[[ Stored data, beginning ]]
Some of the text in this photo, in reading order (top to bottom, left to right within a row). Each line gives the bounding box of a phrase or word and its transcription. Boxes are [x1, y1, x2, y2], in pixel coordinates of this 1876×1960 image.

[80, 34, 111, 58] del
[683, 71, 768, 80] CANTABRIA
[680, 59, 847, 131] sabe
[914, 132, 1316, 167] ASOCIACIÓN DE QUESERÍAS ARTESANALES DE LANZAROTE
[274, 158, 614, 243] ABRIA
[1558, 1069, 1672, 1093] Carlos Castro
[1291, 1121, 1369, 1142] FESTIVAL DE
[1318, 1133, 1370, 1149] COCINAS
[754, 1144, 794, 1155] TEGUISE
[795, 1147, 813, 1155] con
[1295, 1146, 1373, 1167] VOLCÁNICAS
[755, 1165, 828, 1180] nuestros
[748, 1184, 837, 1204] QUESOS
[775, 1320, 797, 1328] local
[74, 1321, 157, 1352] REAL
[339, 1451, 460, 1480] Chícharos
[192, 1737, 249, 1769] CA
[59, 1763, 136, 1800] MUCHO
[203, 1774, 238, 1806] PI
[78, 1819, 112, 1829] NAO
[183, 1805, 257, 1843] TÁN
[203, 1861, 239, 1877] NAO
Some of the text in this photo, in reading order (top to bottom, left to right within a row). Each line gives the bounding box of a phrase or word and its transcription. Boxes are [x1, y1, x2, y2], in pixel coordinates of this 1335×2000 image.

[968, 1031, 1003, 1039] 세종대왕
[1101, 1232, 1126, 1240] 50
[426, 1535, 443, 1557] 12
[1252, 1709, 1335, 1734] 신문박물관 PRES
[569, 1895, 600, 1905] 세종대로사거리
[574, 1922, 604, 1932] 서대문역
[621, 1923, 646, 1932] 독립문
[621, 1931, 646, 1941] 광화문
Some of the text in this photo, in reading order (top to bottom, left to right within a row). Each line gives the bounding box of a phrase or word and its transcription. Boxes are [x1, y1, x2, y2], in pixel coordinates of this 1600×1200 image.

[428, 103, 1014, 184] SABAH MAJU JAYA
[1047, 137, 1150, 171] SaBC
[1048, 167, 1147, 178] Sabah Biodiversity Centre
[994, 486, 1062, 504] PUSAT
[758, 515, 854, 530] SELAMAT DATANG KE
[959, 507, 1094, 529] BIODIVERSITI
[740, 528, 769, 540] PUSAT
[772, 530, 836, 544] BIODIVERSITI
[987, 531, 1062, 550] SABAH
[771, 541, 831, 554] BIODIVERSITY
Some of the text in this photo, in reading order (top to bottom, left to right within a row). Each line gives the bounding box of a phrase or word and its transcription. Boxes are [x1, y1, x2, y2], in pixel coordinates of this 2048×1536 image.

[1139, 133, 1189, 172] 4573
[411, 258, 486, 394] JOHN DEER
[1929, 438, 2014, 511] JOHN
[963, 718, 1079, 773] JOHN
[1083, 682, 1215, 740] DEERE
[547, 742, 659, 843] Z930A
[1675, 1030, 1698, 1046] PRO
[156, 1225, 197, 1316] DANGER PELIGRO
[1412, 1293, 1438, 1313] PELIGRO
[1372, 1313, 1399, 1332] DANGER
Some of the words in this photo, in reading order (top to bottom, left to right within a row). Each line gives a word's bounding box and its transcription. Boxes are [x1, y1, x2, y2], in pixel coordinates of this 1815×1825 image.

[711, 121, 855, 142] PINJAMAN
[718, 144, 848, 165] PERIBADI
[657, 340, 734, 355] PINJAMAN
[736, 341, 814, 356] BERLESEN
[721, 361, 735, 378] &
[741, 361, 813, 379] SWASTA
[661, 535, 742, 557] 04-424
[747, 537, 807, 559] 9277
[[ Stored data, end ]]
What you are asked to do:
Only the lines from the one with "Some of the words" through the end of the listing should be output, exactly as they appear.

Solution:
Some of the words in this photo, in reading order (top to bottom, left to right within a row). Each line gives a word's bounding box and its transcription. Boxes are [x1, y1, x2, y2], in pixel coordinates of this 1815×1825 image.

[711, 121, 855, 142] PINJAMAN
[718, 144, 848, 165] PERIBADI
[657, 340, 734, 355] PINJAMAN
[736, 341, 814, 356] BERLESEN
[721, 361, 735, 378] &
[741, 361, 813, 379] SWASTA
[661, 535, 742, 557] 04-424
[747, 537, 807, 559] 9277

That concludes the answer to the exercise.